American mathematical physicist

Thomas C. Spencer (born December 24, 1946) is an American mathematical physicist, known in particular for important contributions to constructive quantum field theory, statistical mechanics, and spectral theory of random operators. He is an emeritus faculty member at the Institute for Advanced Study.

==Career==
Spencer earned his doctorate in 1972 from New York University with a dissertation titled Perturbation of the Po2 Quantum Field Hamiltonian written under the direction of James Glimm.

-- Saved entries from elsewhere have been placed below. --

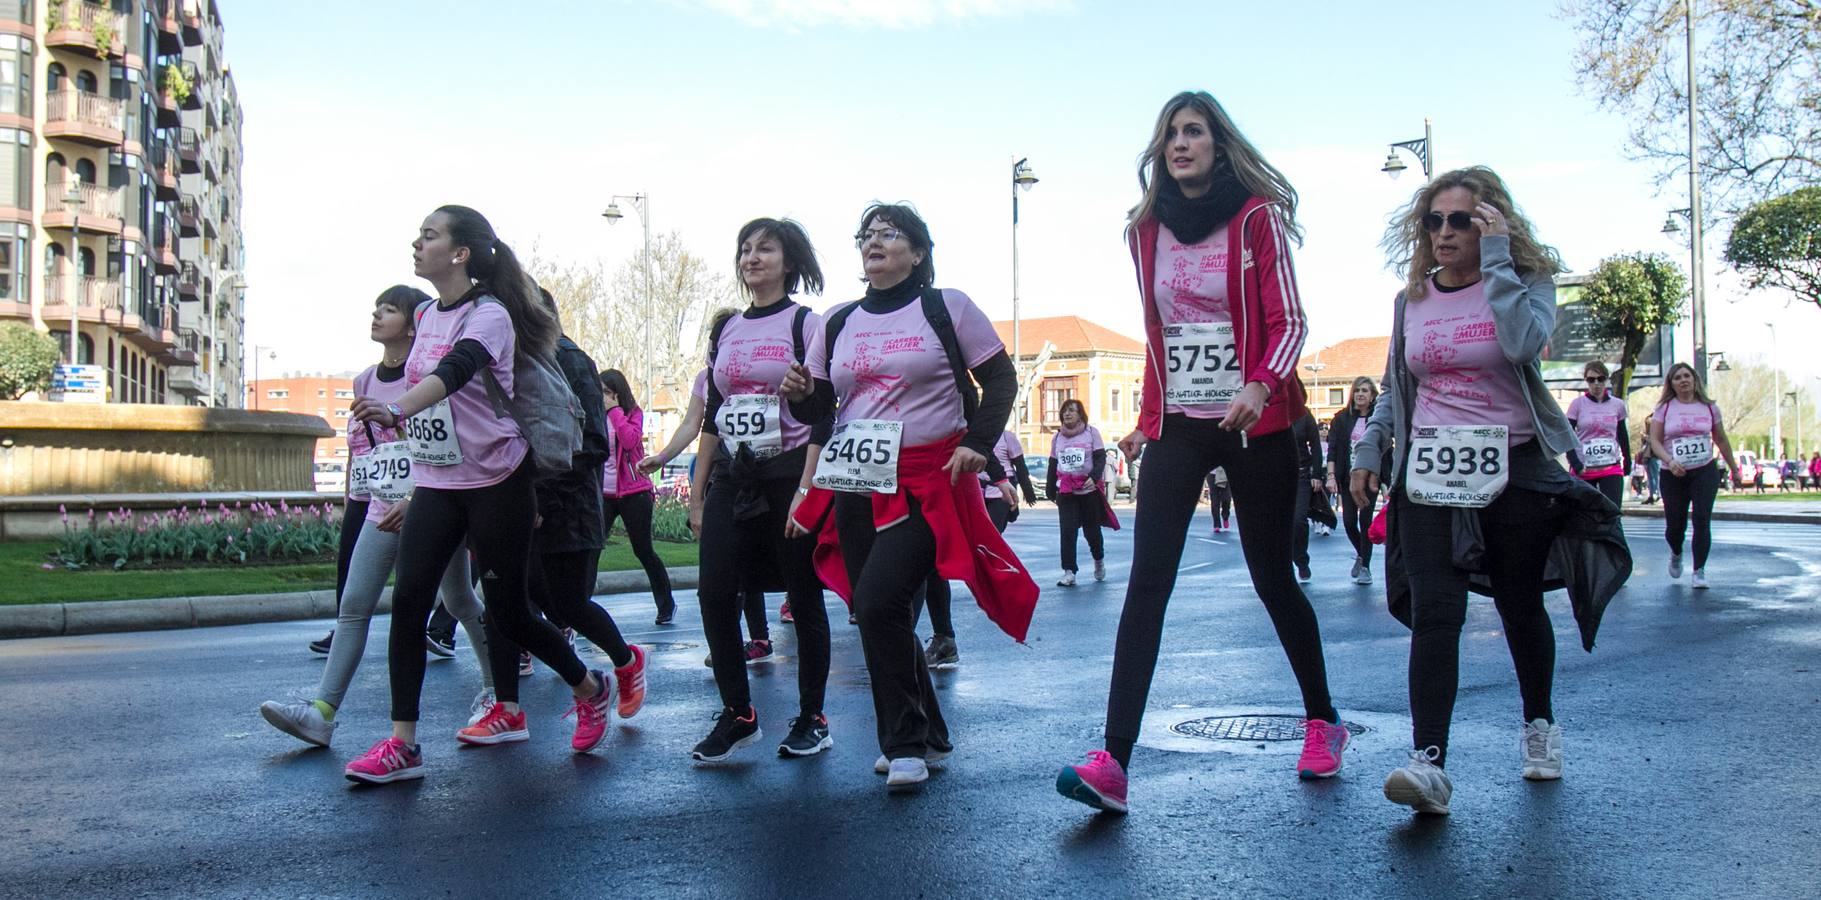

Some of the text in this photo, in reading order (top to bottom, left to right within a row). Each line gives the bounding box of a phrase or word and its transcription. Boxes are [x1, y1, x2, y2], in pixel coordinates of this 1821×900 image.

[1458, 328, 1495, 338] MUJER
[889, 336, 924, 344] CARRERA
[886, 342, 919, 350] MUJER
[1168, 344, 1242, 372] 5752
[1175, 389, 1233, 398] NATUR HOUSE
[408, 417, 448, 441] 3668
[725, 412, 765, 436] 559
[825, 438, 891, 465] 5465
[1586, 445, 1612, 456] 4657
[1676, 443, 1706, 456] 6121
[1061, 455, 1082, 464] 3906
[1415, 447, 1500, 475] 5938
[369, 457, 410, 480] 2749
[828, 477, 882, 487] NATUR HOUSE
[1425, 492, 1489, 501] NATUR HOUSE

Since 1986, he has been a faculty member in the School of Mathematics at the Institute for Advanced Study.

==Research==

- Together with James Glimm and Arthur Jaffe he invented the cluster expansion approach to quantum field theory that is widely used in constructive field theory.
- Together with Jürg Fröhlich and Barry Simon, he invented the approach of the infrared bound, which has now become a classical tool to derive phase transitions in various models of statistical mechanics.
- Together with Jürg Fröhlich, he devised a 'multi-scale analysis' to provide, for the first time, mathematical proofs of: the Kosterlitz–Thouless transition, the phase transition in the one-dimensional ferromagnetic Ising model with interactions $J_{x,y}\sim |x-y|^{-2}$ and Anderson localization in arbitrary dimension.
- Together with David Brydges, he proved that the scaling limit of the self-avoiding walk in dimension greater or equal than 5 is Gaussian, with variance growing linearly in time. To achieve this result, they invented the technique of the lace expansion that since then has had wide application in probability on graphs.

==Awards and honors==
Spencer is a member of the United States National Academy of Sciences, and the recipient of the Dannie Heineman Prize for Mathematical Physics (joint with Jürg Fröhlich, "For their joint work in providing rigorous mathematical solutions to some outstanding problems in statistical mechanics and field theory.").